### Description of the task
Print the listing below once more, unchanged.

### Input data

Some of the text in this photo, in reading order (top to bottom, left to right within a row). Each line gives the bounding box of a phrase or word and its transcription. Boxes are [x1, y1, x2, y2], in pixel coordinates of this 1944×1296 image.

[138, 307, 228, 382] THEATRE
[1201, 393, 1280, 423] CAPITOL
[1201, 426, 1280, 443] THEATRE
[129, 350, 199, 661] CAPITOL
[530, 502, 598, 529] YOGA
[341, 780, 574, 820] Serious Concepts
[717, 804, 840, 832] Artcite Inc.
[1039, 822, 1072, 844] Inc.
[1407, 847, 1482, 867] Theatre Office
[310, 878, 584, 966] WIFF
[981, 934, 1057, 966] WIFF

### Response
Some of the text in this photo, in reading order (top to bottom, left to right within a row). Each line gives the bounding box of a phrase or word and its transcription. Boxes are [x1, y1, x2, y2], in pixel coordinates of this 1944×1296 image.

[138, 307, 228, 382] THEATRE
[1201, 393, 1280, 423] CAPITOL
[1201, 426, 1280, 443] THEATRE
[129, 350, 199, 661] CAPITOL
[530, 502, 598, 529] YOGA
[341, 780, 574, 820] Serious Concepts
[717, 804, 840, 832] Artcite Inc.
[1039, 822, 1072, 844] Inc.
[1407, 847, 1482, 867] Theatre Office
[310, 878, 584, 966] WIFF
[981, 934, 1057, 966] WIFF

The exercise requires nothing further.